Write out every record in full, exactly as written, please.

Saved data entries
************

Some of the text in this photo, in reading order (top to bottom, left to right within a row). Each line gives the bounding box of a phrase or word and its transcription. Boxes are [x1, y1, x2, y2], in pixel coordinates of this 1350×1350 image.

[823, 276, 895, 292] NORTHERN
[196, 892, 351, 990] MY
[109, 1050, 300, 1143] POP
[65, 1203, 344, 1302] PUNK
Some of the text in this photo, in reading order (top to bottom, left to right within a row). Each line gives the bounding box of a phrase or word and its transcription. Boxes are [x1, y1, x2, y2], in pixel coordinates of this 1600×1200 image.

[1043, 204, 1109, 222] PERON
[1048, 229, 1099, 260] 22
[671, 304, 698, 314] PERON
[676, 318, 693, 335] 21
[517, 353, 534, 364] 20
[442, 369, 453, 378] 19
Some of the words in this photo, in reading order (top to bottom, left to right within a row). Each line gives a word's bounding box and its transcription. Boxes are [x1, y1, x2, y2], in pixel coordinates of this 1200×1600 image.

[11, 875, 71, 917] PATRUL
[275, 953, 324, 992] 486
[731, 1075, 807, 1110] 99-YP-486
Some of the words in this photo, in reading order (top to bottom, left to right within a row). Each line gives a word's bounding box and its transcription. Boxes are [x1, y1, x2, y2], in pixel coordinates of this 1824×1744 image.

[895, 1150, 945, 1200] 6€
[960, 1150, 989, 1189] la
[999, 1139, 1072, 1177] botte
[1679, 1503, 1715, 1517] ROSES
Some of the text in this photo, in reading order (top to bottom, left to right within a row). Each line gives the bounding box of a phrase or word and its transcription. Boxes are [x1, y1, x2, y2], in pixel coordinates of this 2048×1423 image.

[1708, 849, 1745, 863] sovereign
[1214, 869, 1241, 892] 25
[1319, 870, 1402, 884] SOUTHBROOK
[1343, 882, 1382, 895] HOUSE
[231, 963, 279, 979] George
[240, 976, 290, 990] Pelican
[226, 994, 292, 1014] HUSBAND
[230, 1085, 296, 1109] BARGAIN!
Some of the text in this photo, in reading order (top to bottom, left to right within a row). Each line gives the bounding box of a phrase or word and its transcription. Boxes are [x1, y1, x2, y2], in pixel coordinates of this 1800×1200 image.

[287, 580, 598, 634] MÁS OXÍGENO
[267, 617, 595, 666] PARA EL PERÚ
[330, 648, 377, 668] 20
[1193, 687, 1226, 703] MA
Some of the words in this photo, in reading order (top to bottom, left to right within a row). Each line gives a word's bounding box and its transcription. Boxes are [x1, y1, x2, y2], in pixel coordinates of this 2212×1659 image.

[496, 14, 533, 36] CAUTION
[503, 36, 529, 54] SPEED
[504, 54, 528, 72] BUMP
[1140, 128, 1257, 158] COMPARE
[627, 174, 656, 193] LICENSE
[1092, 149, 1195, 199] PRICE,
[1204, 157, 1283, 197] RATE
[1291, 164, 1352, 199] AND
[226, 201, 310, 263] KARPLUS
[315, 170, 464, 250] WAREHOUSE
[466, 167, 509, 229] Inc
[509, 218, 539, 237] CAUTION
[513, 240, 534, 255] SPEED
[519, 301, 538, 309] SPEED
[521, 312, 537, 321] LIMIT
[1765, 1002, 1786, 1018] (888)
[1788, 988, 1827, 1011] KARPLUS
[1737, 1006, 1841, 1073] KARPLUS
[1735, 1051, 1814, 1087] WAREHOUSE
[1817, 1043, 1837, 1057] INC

************

■ Solution to this exercise
Some of the text in this photo, in reading order (top to bottom, left to right within a row). Each line gives the bounding box of a phrase or word and its transcription. Boxes are [x1, y1, x2, y2], in pixel coordinates of this 1350×1350 image.

[823, 276, 895, 292] NORTHERN
[196, 892, 351, 990] MY
[109, 1050, 300, 1143] POP
[65, 1203, 344, 1302] PUNK
Some of the text in this photo, in reading order (top to bottom, left to right within a row). Each line gives the bounding box of a phrase or word and its transcription. Boxes are [x1, y1, x2, y2], in pixel coordinates of this 1600×1200 image.

[1043, 204, 1109, 222] PERON
[1048, 229, 1099, 260] 22
[671, 304, 698, 314] PERON
[676, 318, 693, 335] 21
[517, 353, 534, 364] 20
[442, 369, 453, 378] 19
Some of the words in this photo, in reading order (top to bottom, left to right within a row). Each line gives a word's bounding box and its transcription. Boxes are [x1, y1, x2, y2], in pixel coordinates of this 1200×1600 image.

[11, 875, 71, 917] PATRUL
[275, 953, 324, 992] 486
[731, 1075, 807, 1110] 99-YP-486
Some of the words in this photo, in reading order (top to bottom, left to right within a row). Each line gives a word's bounding box and its transcription. Boxes are [x1, y1, x2, y2], in pixel coordinates of this 1824×1744 image.

[895, 1150, 945, 1200] 6€
[960, 1150, 989, 1189] la
[999, 1139, 1072, 1177] botte
[1679, 1503, 1715, 1517] ROSES
Some of the text in this photo, in reading order (top to bottom, left to right within a row). Each line gives the bounding box of a phrase or word and its transcription. Boxes are [x1, y1, x2, y2], in pixel coordinates of this 2048×1423 image.

[1708, 849, 1745, 863] sovereign
[1214, 869, 1241, 892] 25
[1319, 870, 1402, 884] SOUTHBROOK
[1343, 882, 1382, 895] HOUSE
[231, 963, 279, 979] George
[240, 976, 290, 990] Pelican
[226, 994, 292, 1014] HUSBAND
[230, 1085, 296, 1109] BARGAIN!
Some of the text in this photo, in reading order (top to bottom, left to right within a row). Each line gives the bounding box of a phrase or word and its transcription. Boxes are [x1, y1, x2, y2], in pixel coordinates of this 1800×1200 image.

[287, 580, 598, 634] MÁS OXÍGENO
[267, 617, 595, 666] PARA EL PERÚ
[330, 648, 377, 668] 20
[1193, 687, 1226, 703] MA
Some of the words in this photo, in reading order (top to bottom, left to right within a row). Each line gives a word's bounding box and its transcription. Boxes are [x1, y1, x2, y2], in pixel coordinates of this 2212×1659 image.

[496, 14, 533, 36] CAUTION
[503, 36, 529, 54] SPEED
[504, 54, 528, 72] BUMP
[1140, 128, 1257, 158] COMPARE
[627, 174, 656, 193] LICENSE
[1092, 149, 1195, 199] PRICE,
[1204, 157, 1283, 197] RATE
[1291, 164, 1352, 199] AND
[226, 201, 310, 263] KARPLUS
[315, 170, 464, 250] WAREHOUSE
[466, 167, 509, 229] Inc
[509, 218, 539, 237] CAUTION
[513, 240, 534, 255] SPEED
[519, 301, 538, 309] SPEED
[521, 312, 537, 321] LIMIT
[1765, 1002, 1786, 1018] (888)
[1788, 988, 1827, 1011] KARPLUS
[1737, 1006, 1841, 1073] KARPLUS
[1735, 1051, 1814, 1087] WAREHOUSE
[1817, 1043, 1837, 1057] INC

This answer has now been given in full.